Dataset entries:
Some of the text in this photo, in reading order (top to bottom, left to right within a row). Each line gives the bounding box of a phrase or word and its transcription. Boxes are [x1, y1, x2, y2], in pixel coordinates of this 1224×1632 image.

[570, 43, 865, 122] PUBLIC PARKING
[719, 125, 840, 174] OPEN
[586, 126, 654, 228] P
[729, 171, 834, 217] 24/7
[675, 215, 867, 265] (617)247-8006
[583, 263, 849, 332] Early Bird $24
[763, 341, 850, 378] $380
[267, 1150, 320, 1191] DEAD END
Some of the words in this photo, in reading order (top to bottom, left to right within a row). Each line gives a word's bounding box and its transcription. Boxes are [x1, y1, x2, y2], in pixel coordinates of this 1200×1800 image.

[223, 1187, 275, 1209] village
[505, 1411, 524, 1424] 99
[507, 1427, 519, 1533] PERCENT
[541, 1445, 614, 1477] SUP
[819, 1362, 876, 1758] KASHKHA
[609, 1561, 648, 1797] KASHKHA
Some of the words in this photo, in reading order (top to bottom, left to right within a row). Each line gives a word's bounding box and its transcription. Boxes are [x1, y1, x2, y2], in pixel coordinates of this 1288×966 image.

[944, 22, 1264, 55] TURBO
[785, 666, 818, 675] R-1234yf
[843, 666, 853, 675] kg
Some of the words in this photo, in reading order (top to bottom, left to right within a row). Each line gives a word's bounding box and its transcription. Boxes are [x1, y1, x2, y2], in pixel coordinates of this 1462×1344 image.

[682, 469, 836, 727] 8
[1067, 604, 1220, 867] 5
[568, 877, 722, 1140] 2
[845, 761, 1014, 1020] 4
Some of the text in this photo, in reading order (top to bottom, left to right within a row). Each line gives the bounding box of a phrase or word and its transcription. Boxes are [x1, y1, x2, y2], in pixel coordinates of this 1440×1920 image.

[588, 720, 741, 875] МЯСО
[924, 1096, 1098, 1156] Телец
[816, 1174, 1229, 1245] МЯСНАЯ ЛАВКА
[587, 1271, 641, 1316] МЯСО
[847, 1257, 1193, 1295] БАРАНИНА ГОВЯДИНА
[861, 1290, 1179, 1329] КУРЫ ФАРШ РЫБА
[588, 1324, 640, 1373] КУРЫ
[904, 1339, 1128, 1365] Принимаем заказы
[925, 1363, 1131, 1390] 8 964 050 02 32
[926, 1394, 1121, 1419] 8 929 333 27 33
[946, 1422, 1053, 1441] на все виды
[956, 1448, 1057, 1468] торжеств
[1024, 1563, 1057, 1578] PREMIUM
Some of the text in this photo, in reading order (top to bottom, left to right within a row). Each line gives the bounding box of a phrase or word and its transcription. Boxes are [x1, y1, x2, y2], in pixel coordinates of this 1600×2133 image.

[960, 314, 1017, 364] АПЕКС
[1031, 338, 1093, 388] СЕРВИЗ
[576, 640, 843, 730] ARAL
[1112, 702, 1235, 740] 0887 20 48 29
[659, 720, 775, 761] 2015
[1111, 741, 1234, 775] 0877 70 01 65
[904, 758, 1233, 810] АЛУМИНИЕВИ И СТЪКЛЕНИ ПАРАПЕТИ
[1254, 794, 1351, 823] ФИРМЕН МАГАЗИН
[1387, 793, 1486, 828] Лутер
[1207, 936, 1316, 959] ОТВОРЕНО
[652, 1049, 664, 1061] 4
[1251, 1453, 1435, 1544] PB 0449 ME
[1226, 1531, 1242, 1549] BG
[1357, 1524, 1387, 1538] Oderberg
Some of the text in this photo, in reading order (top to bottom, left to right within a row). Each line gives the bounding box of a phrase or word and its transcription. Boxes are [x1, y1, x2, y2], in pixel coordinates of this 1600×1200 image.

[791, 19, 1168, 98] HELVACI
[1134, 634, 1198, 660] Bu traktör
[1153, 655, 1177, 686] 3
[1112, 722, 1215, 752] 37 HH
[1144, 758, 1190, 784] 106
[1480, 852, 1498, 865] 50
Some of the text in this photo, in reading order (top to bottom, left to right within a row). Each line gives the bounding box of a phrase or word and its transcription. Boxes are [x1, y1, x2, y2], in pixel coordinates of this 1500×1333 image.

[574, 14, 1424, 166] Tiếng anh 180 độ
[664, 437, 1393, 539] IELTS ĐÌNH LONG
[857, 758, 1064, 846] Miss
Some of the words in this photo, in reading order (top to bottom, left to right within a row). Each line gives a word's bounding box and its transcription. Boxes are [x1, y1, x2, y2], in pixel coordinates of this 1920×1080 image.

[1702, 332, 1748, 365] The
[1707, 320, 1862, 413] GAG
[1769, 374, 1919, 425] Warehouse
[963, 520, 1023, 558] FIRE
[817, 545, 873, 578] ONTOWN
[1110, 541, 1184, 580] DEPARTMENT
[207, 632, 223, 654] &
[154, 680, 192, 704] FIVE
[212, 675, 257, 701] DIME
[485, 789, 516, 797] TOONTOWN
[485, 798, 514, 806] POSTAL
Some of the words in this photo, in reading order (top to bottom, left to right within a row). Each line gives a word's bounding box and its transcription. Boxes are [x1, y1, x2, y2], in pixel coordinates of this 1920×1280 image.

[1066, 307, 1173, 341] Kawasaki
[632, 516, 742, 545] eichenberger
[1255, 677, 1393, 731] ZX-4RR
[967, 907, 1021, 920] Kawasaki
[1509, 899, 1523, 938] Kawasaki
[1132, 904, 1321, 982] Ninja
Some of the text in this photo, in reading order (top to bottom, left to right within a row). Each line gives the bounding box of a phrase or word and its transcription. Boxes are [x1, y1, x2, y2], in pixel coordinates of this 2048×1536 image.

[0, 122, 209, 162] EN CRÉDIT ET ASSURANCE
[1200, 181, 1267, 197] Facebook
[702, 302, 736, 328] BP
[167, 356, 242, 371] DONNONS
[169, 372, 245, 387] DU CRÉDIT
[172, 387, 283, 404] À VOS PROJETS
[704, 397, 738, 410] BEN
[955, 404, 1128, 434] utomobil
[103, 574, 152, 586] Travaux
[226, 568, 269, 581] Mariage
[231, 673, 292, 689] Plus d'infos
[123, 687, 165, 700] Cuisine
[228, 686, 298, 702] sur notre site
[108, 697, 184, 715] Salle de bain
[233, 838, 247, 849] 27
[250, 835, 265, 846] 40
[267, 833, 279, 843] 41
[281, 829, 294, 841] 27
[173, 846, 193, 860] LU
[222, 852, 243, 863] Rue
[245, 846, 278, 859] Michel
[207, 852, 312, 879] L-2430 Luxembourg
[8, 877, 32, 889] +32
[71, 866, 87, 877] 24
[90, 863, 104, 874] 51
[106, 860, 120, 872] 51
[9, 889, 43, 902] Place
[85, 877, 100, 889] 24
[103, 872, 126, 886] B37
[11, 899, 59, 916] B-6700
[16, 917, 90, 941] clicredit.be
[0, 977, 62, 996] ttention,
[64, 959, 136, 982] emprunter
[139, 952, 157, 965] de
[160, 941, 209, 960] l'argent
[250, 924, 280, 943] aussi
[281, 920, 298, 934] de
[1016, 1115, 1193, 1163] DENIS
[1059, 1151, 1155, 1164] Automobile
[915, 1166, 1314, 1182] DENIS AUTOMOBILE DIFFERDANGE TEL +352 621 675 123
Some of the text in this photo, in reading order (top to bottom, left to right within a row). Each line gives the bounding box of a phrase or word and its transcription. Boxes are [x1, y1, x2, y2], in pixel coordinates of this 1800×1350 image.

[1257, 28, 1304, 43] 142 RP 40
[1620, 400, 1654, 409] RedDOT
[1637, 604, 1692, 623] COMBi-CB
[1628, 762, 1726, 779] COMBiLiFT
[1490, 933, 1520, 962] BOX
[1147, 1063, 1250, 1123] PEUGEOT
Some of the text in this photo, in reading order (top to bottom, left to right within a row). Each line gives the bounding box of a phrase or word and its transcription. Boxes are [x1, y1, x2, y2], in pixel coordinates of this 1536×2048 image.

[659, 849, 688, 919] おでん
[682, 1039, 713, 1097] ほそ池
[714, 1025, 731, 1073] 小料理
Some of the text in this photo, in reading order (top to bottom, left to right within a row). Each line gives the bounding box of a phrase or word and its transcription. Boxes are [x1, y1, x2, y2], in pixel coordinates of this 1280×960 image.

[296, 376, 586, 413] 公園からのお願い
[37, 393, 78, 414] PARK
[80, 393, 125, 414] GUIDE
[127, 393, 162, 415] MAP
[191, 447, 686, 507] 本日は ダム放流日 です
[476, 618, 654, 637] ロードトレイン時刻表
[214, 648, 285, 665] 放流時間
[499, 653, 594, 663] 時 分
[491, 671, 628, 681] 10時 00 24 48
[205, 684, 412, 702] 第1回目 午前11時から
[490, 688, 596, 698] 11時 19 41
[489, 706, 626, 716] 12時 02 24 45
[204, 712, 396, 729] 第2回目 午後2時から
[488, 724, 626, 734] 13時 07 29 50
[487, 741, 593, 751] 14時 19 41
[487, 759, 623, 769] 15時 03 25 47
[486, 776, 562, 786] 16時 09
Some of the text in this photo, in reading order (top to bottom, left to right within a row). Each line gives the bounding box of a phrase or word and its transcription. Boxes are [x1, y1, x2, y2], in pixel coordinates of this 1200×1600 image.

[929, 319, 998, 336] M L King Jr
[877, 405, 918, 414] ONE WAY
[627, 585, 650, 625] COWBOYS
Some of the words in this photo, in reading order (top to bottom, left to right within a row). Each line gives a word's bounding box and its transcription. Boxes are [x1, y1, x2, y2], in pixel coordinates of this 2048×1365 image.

» WHAT YOU WILL DO: Exactly the lines from the one containing "this 1200×1600 image." to the final line of the data, both included, should be printed, and nothing more.

» REPLY TO THE EXERCISE:
Some of the text in this photo, in reading order (top to bottom, left to right within a row). Each line gives the bounding box of a phrase or word and its transcription. Boxes are [x1, y1, x2, y2], in pixel coordinates of this 1200×1600 image.

[929, 319, 998, 336] M L King Jr
[877, 405, 918, 414] ONE WAY
[627, 585, 650, 625] COWBOYS
Some of the words in this photo, in reading order (top to bottom, left to right within a row). Each line gives a word's bounding box and its transcription. Boxes are [x1, y1, x2, y2], in pixel coordinates of this 2048×1365 image.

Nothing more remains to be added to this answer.